Polis Histories and Local Identities: Historiographical and Philosophical Innovations in the Age of Glocalization, c. 400-200 BCE

Name of applicant

Benjamin Pedersen

Institution

University of Glasgow

Amount

DKK 850,000

Year

2020

Type of grant

Internationalisation Fellowships

What?

This project investigates and re-evaluates ancient Greek local history, aiming to explain how the concept of localism was applied to historiography and to what extent this type of writing was grounded in the wider intellectual framework of Classical and Hellenistic thought. By placing this practice in the context of the historiographical and philosophical innovations of the fourth and third century BCE, the project will show how local history emerged organically from its historical and intellectual context.
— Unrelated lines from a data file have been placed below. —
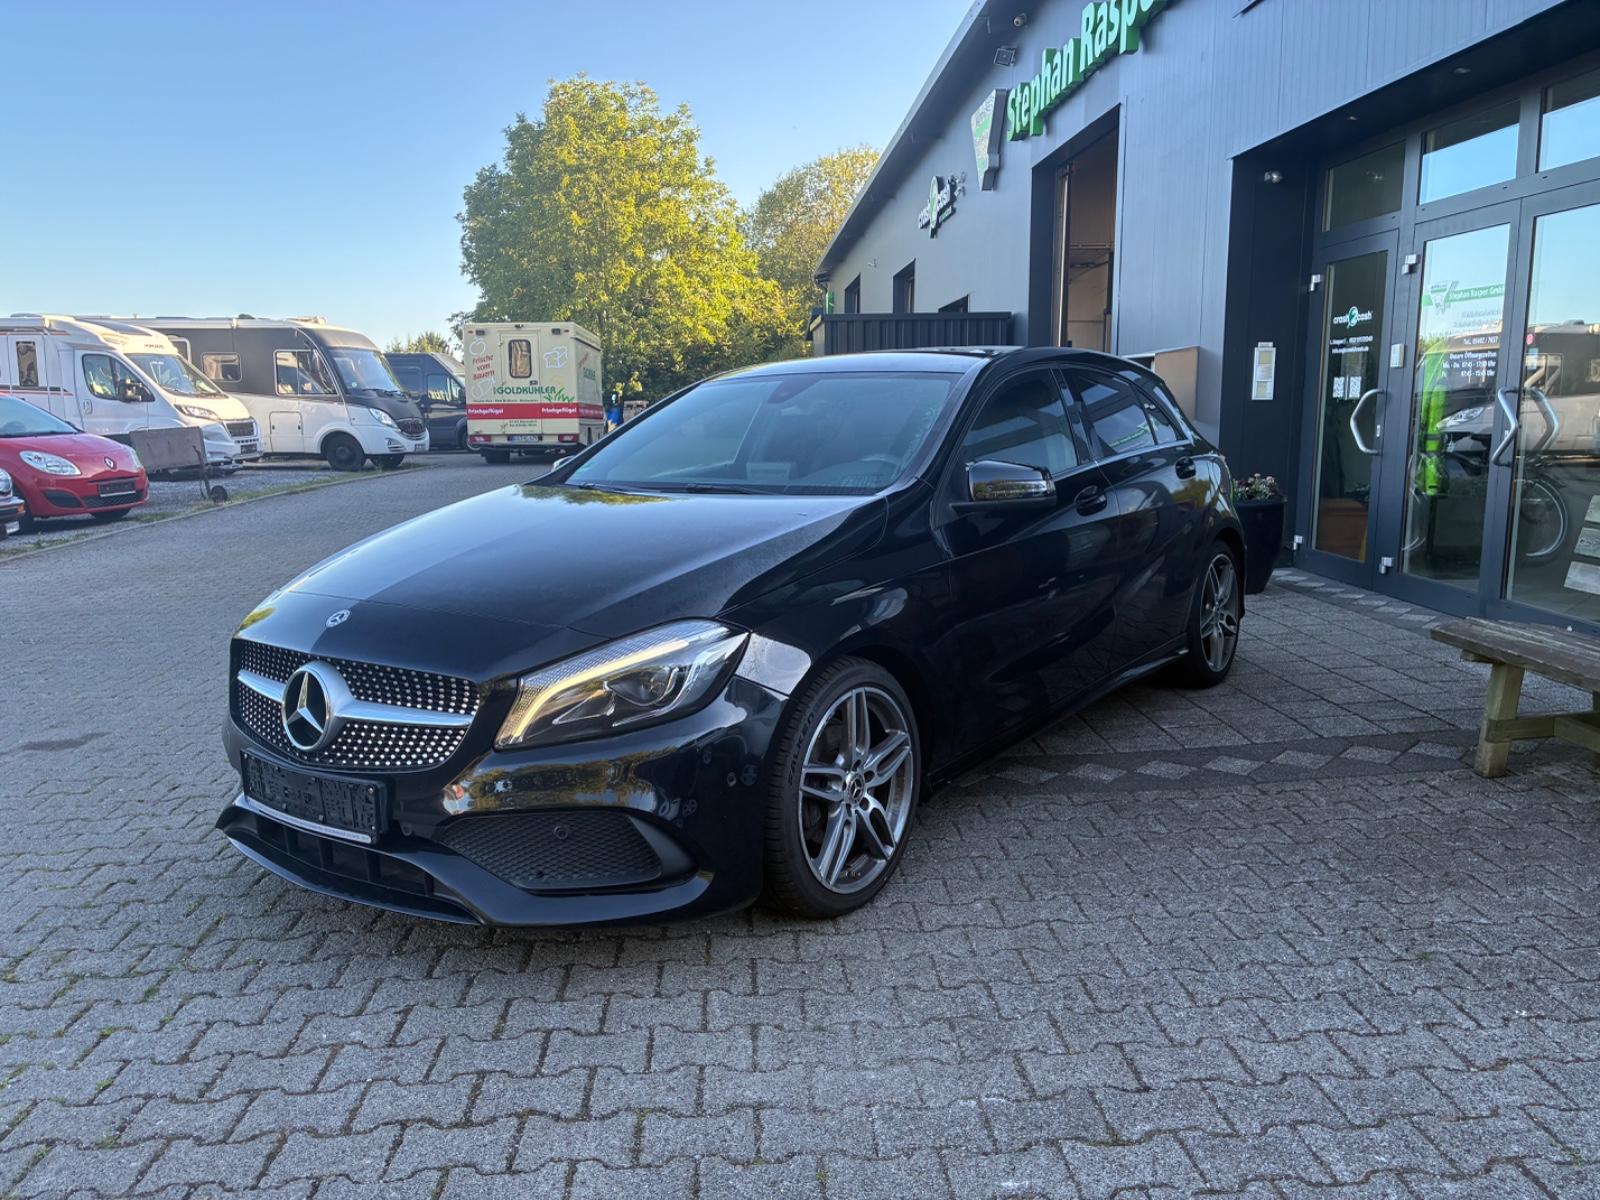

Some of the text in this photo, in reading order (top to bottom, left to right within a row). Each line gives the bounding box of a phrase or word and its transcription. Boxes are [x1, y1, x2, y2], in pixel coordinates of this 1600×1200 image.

[1007, 38, 1076, 141] Stephan
[1080, 0, 1155, 72] Rasp
[476, 363, 491, 371] vom
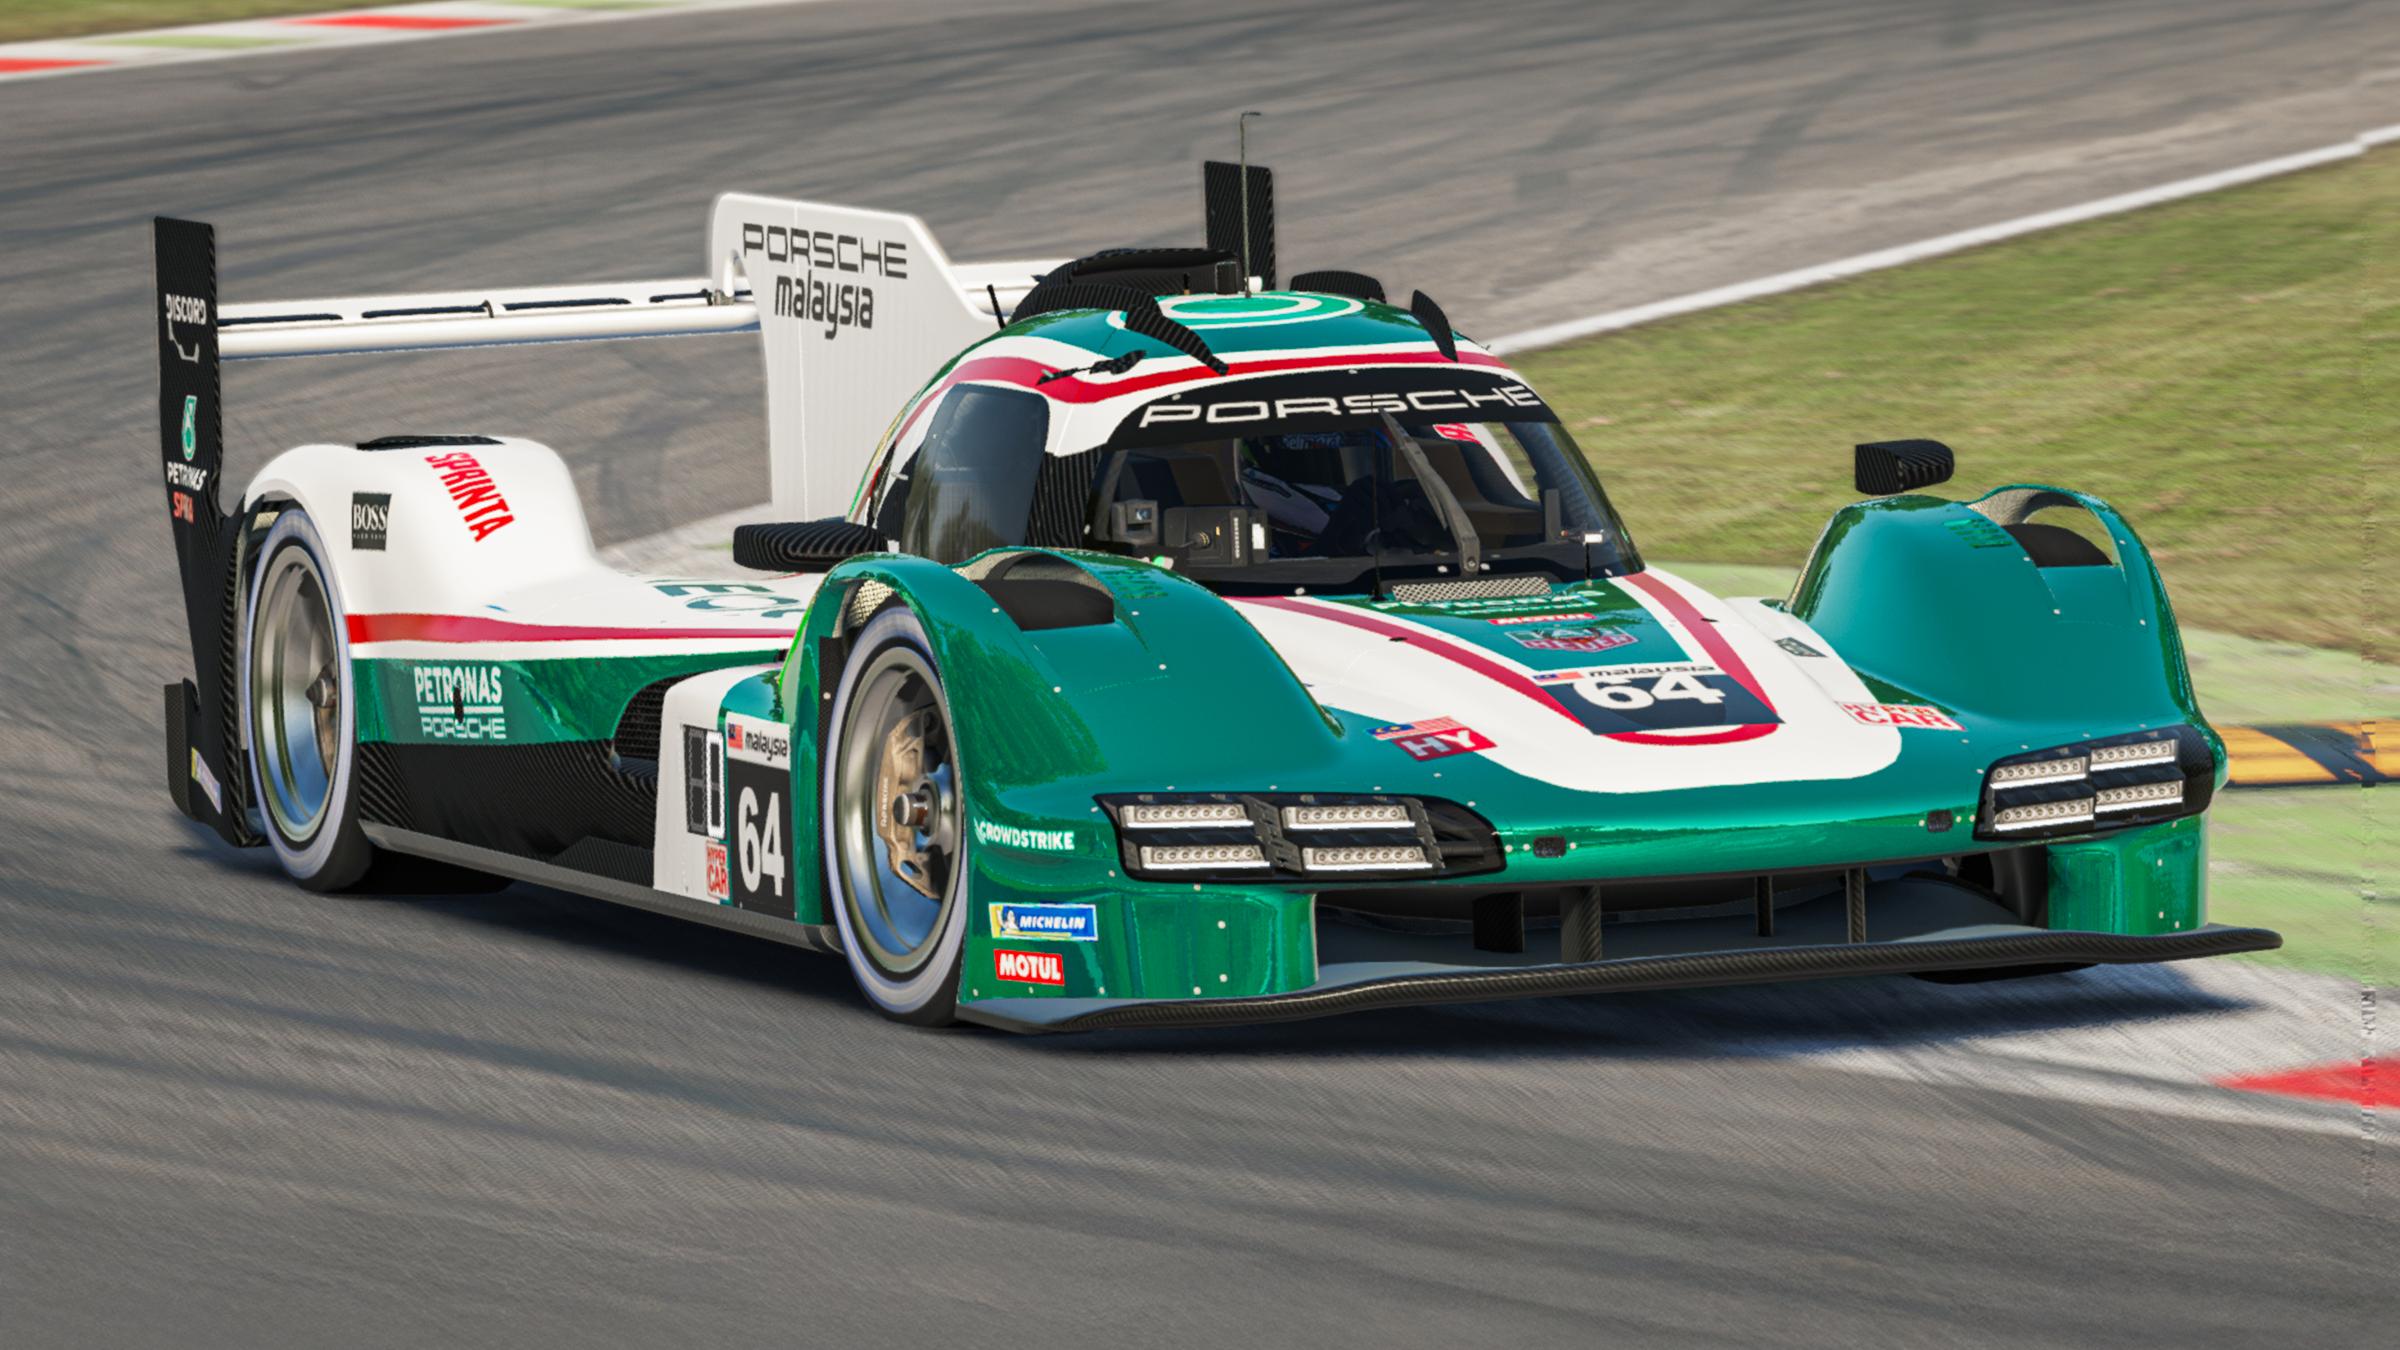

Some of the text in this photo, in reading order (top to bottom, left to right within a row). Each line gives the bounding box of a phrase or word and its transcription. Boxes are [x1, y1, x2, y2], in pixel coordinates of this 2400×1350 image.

[743, 222, 908, 280] PORSCHE
[165, 293, 207, 326] DISCORD
[775, 269, 873, 340] malaysia
[1138, 385, 1542, 428] PORSCHE
[424, 451, 515, 543] SPRINTA
[353, 503, 388, 531] BOSS
[413, 665, 503, 704] PETRONAS
[1589, 664, 1716, 680] malaysia
[1573, 674, 1727, 710] 64
[420, 716, 507, 740] PORSCHE
[1854, 710, 1954, 728] CAR
[745, 731, 788, 762] malaysia
[1401, 729, 1477, 757] HY
[737, 785, 786, 897] 64
[979, 820, 1076, 851] CROWDSTRIKE
[706, 845, 728, 866] HYPER
[707, 863, 730, 893] CAR
[1019, 915, 1087, 930] MICHELIN
[999, 953, 1062, 981] MOTUL
The project is based on the hypothesis that local historians constructed a local identity within the framework of the city state constantly blending objectives of preservation and (re)invention of the past.

Why?

While research into the city state as an institution has been carried out (e.g. The Copenhagen Polis Centre), scant attention has been paid to those narratives examining the history of individual city states. The project addresses this lack by offering an innovative research program that carries out a comprehensive and much-needed reinterpretation of the most important historiographical genre of the Hellenistic age. The project makes two important contributions that will profoundly change how the genre is perceived: 1) it applies a modern theoretical approach to interpret the ancient fragmentary material and 2) it advances the field of Greek historiography by connecting localism to the innovations of Aristotle, antiquarians, and chronographers.

How?

By drawing on the interdisciplinary theoretical concept of Intentionale Geschichte - i.e. the idea that every generation form a concept of their own history that supports their understanding of their own identity in the present - the aim is to examine how collective identity was constructed through the interpretation of decisive historical periods, events and individuals. The project is part of a new wave of memory studies focusing on how historical texts constructed a local community, how a group related its inner coherence to other entities, and what a society thought was important to pass on to the next generation. This approach will significantly improve our understanding of the numerous ways historians reassessed the past to construct an identity centered around the city state.